Metronomy’s worldbeating tour of nonstop jams rolled through Boston’s Brighton Music Hall on Satuday. Already critical darlings in the UK, The band’s third LP The English Riviera was shortlisted for the Mercury Prize as well as being a Top 10 entry in the year end lists of many major UK music mags (incl. Uncut and NME). On album no. 3 Metronomy made that leap that many great Brit bands make. The band with The English Riviera went from a quirky, niche, cult, etc sort of a band to a standing on the brink of immense success sort of band. So here we are on the brink (at least in the UK). What we saw at BMH on Saturday was a very talented young band with a smallish but fiercely dedicated following that ultimately has a bit more work to do stateside to garner a reciprocal amount of transatlantic admiration.

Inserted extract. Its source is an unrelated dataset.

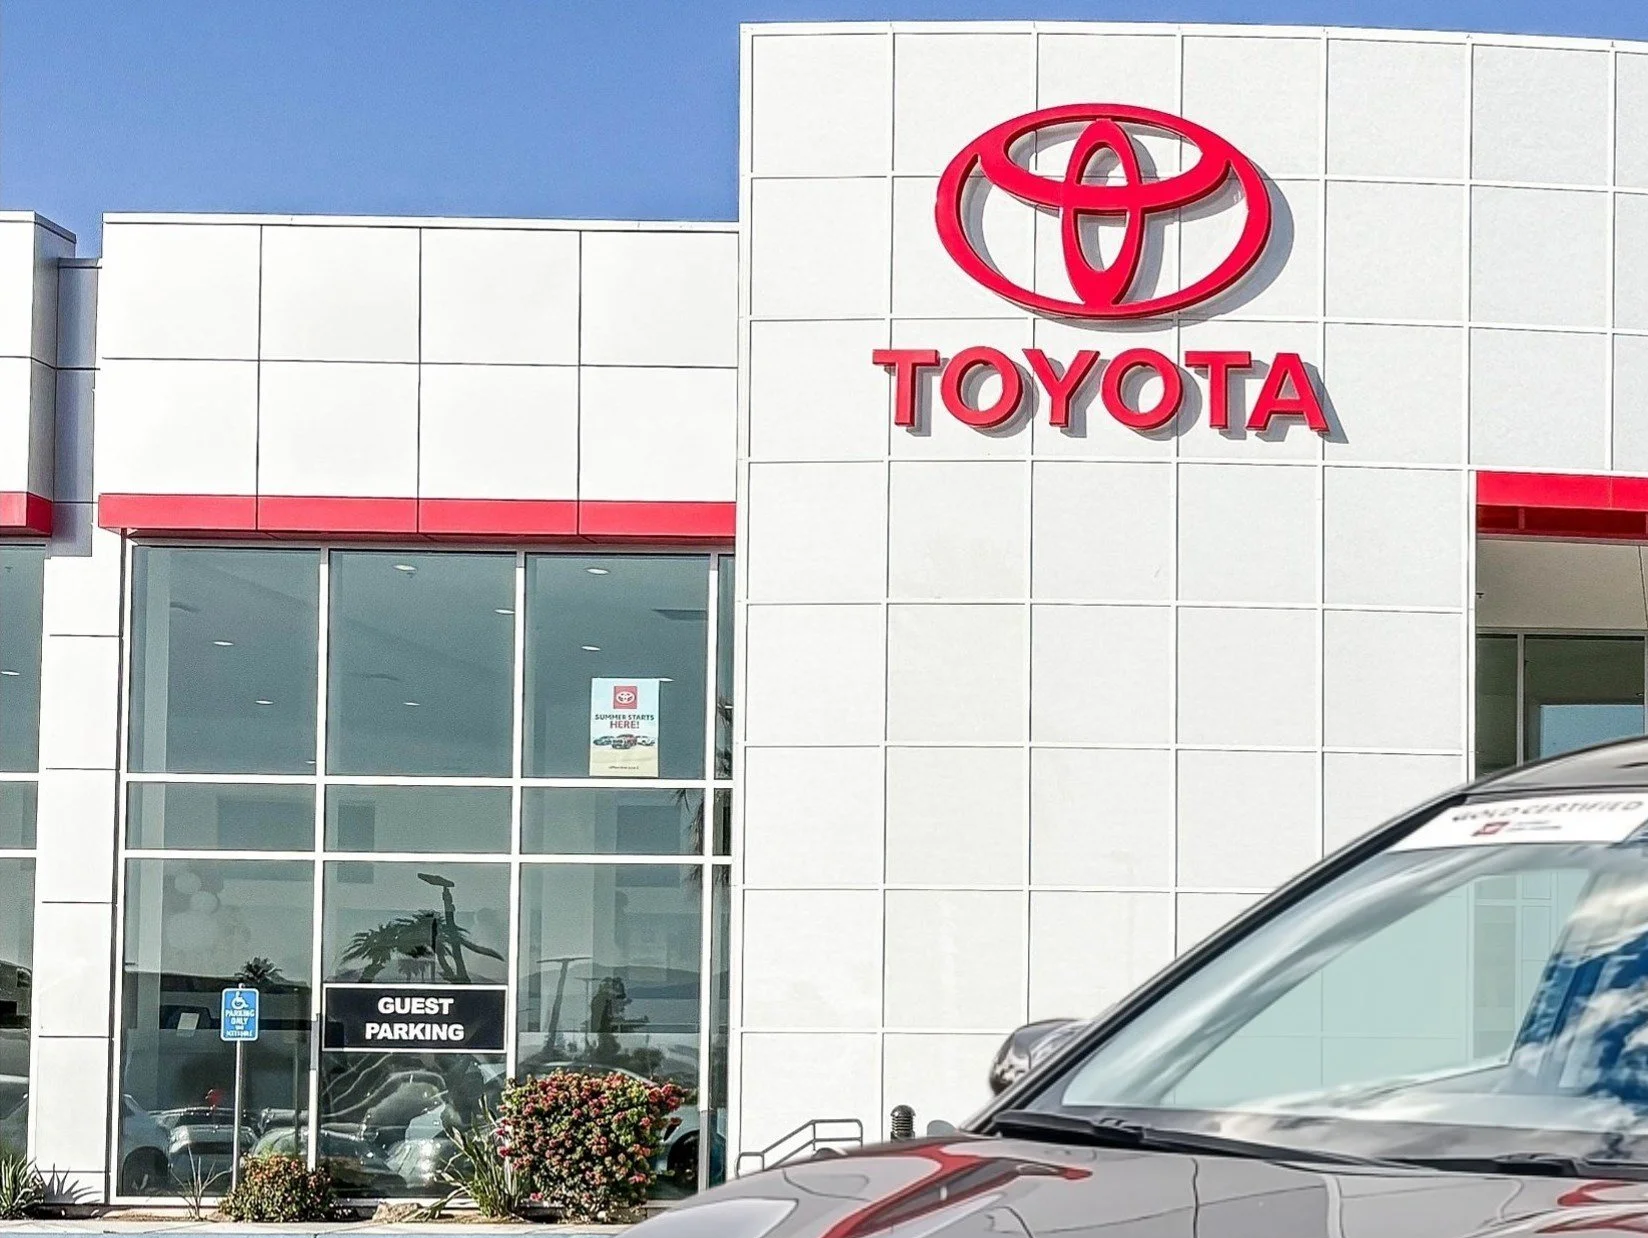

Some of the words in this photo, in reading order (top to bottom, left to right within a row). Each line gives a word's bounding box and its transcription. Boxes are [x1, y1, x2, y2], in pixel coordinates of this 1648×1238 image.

Brooklyn band and blogville idols Friends opened up the show and we’re OK. The band’s material translated OK live despite what was (in comparison to Metronomy) a relatively sloppy performance.

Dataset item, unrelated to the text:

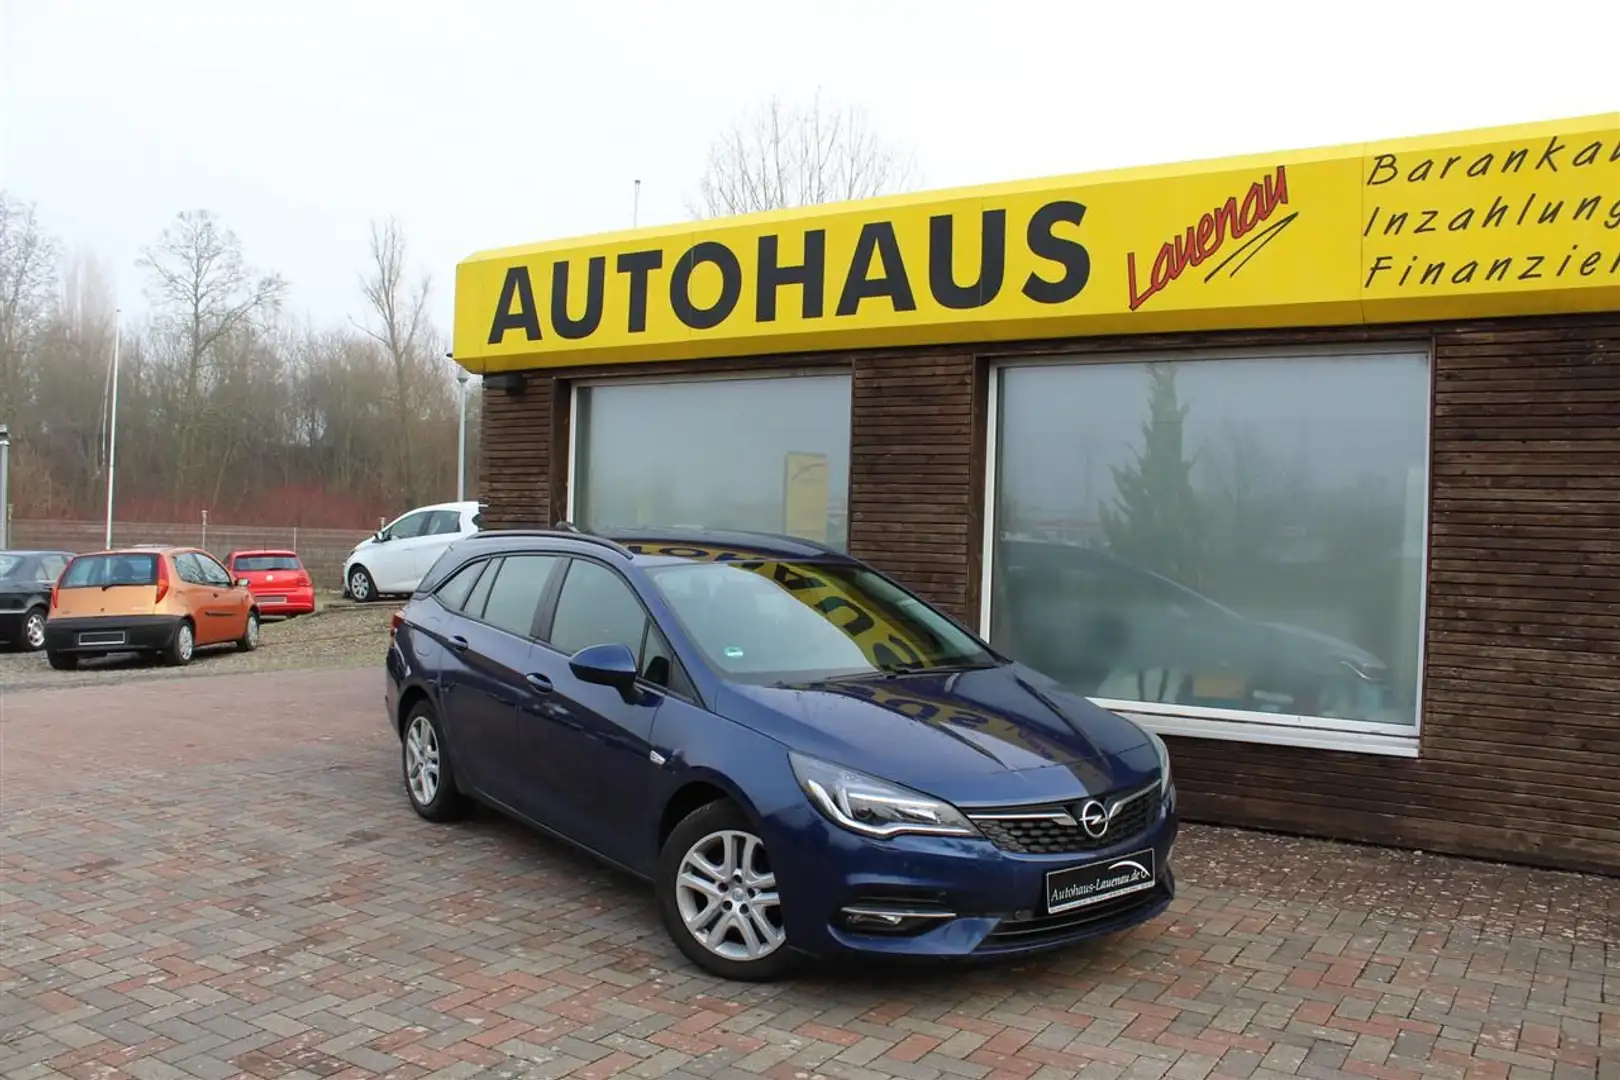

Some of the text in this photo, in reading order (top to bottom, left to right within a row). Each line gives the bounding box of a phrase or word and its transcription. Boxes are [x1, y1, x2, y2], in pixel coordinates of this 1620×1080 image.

Metronomy are a tremendous unit. The band themselves are uniformally very sound. There’s a steadiness & consistency of locomotion and performance in the band’s live show that suggests a fantastically united band. Second song “The Bay” was a definite highlight as the grooved out tune’s use of the band’s strong rhythm section (especially bassist Gbenga Adelekan) really set the Hall into motion. Beams and flashes of light streaked and glided from stage to wall, as emanating from each member of the band were synced streams of light that pulsed from a sort of LED badge adorning each performer. James Mount, Metronomy’s frontman and lead songwriter, acquitted himself in performance capably; as well as engaging in the sort of requisite pleasantries with the house. The real exception on stage, though, was Adelekan who’s crisp playing and kinetic presence really cements Metronomy’s quality. The band’s U.S. blog hit, the jittery infinitely catchy “The Look”, followed later in the performance, a certain apex for the assembled reached as waves of be-flanneled limbs swayed, and knit-capped heads bobbed; resulting in a momentary state of awkward frenzy.
Metronomy are a great band. The English Riviera was, too, one of b3sci’s favorite records of last year. The band’s future in the UK seems quite stable but can they make that other leap most great Brit bands do? Can they break into U.S.? (at least the U.S. alternative mainstream). We’ll see y’all on LP 4.